Professor Nadav Davidowitz, an epidemiologist and head of the Public Health School at Ben-Gurion University who was involved in developing coronavirus treatment protocols in Israel, is in favor of transferring the burden of treatment to the home sphere in general, as long as there is proper oversight.
“Let’s take a patient whose condition has completely stabilized after he went through the rough stage,” Professor Davidowitz explains. “Can we release him with an oxygen concentrator? Yes. But to treat only with an oxygen concentrator and basic drugs in the first place, without the oversight of a doctor at all times, is dangerous. What will happen if there is a deterioration? Who will answer for it? Not every coronavirus patient needs to be hospitalized — most don’t. But a patient who needs a hospital and suffices with a home doctor visit — I feel that there is a certain lack here that borders on risk to lives.”
In contrast, Professor Motty Ravid, director of Maayanei Hayeshuah Hospital (pending his resignation after criticizing the chareidi management of the virus), sees the numbers differently. “There are nearly a thousand patients within the chareidi sectors who have not reported to the health authorities.

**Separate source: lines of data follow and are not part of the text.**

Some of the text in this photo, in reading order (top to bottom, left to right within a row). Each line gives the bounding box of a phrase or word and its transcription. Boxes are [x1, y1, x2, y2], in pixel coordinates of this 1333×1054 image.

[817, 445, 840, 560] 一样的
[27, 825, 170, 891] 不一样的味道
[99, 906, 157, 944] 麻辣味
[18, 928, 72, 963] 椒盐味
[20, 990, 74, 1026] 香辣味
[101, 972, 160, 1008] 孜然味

I’ve seen people who came to the hospital after being treated at home in various ways. True, they usually have lung issues and shortness of breath and require oxygen, but they manage without ventilation. It’s classified as moderate to serious condition. A small number of them, however, are taken to the hospital because the deterioration is rapid and they pass away. And that’s where the danger is, because there is no way to foresee the deterioration.”
During our conversation in the Chasdei Amram cellar, a man comes in carrying an oxygen concentrator. He takes it into the room where it’s thoroughly sanitized.

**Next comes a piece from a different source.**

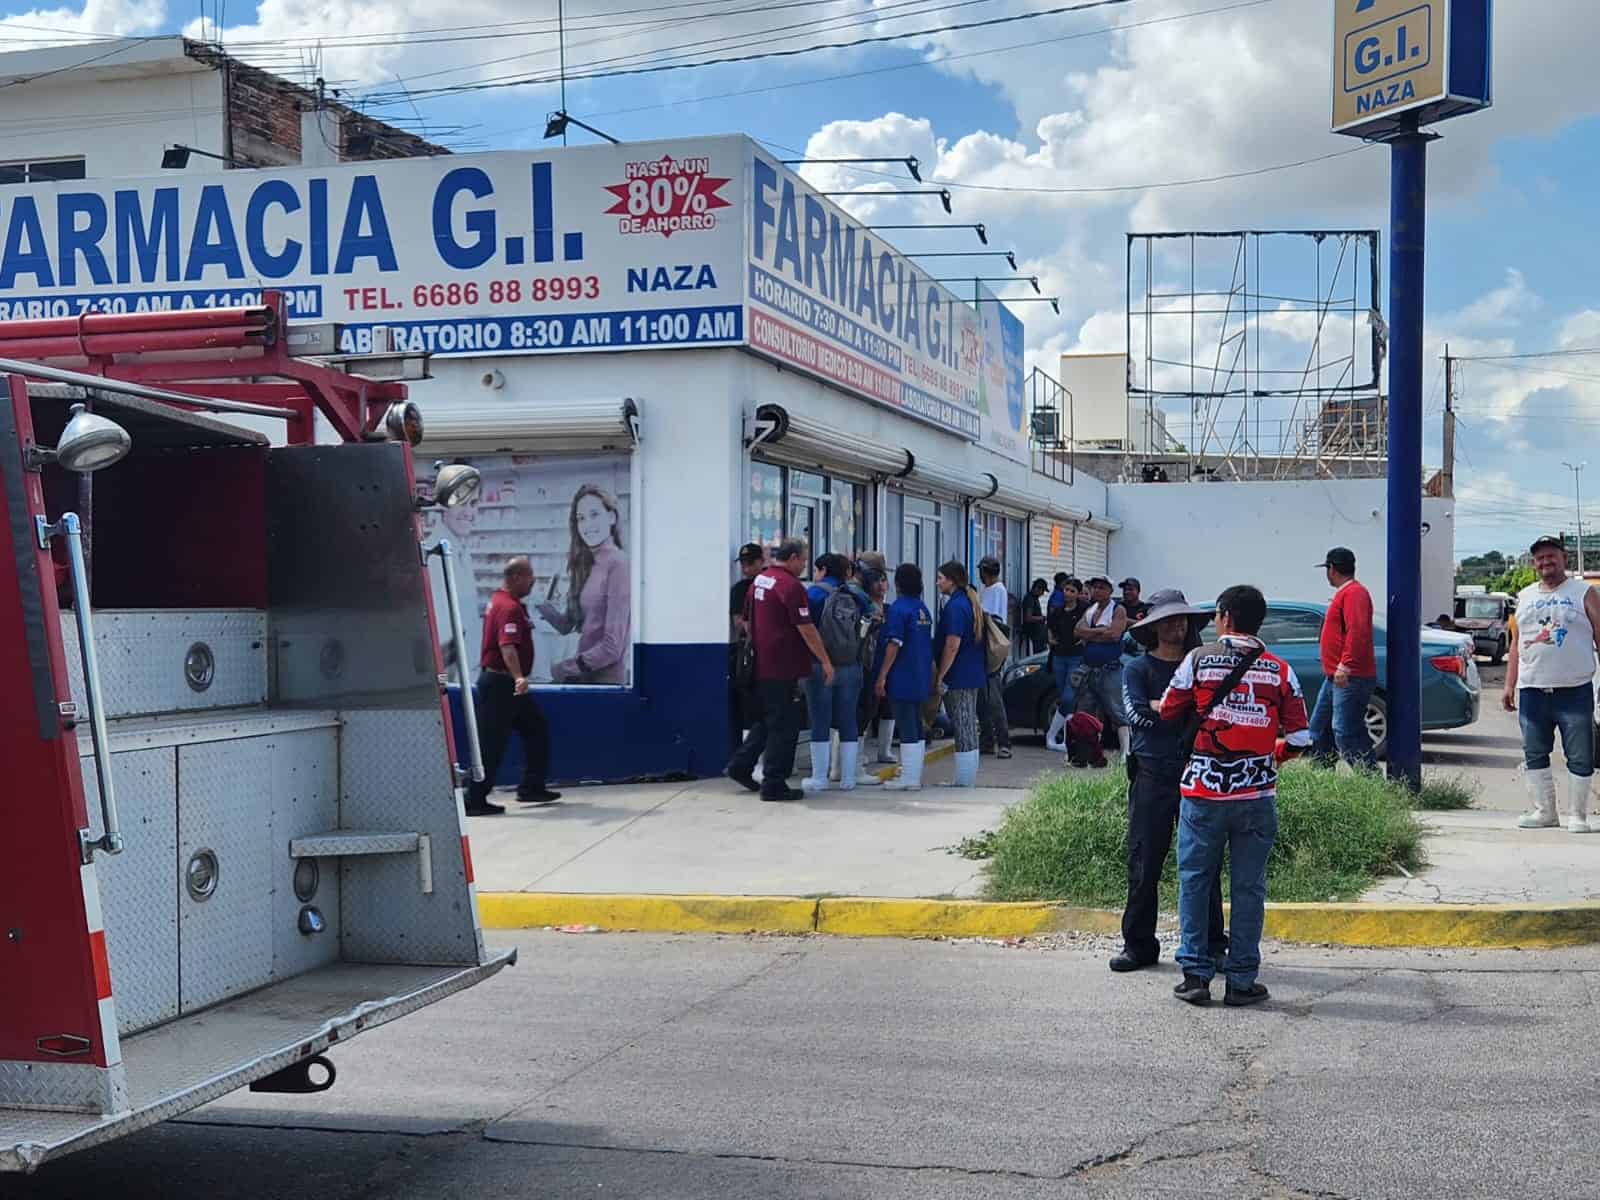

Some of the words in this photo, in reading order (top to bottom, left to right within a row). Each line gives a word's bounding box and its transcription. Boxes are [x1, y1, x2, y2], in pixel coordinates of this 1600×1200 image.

“This organization saved my mother,” he says. “When she got sick with corona, we saw her struggling to breathe. We tried to do everything to keep her out of the hospital, looking for a way to get the right assistance and to make her more comfortable. Then someone told us about this place, that they have everything we’d need to help my mother. Within an hour, she was connected to the machine and we saw a significant improvement in her numbers. She came back to life.”
His mother, he says, was petrified of the idea of being hospitalized. “She feared the isolation, and we felt that would play a role in her body’s resilience and ability to fight off the virus. I hear stories, Hashem yishmor, about people who were put on ventilators and never came back. We believe that being together with the family helps the patient. Plus, I went through corona already, so I could be with her freely.”
It sounds as if the hospital would have classified her as serious and checked her in. But that’s exactly what the family didn’t want. “We consulted with doctors. We didn’t do anything ourselves. We asked the doctors what to do and they told us: nothing. She needs an oxygen concentrator. Give her oxygen at a level of three and a half or four liters. At one point we saw that it wasn’t enough, so we gave her more, and baruch Hashem the situation improved.
“So here I am returning the big machine, which we used for just a day and a half. The smaller machine is still at home, and today, a week later, she can go off the oxygen for a few hours a day, and we hope that within a few days, she can wean herself off the machine completely.”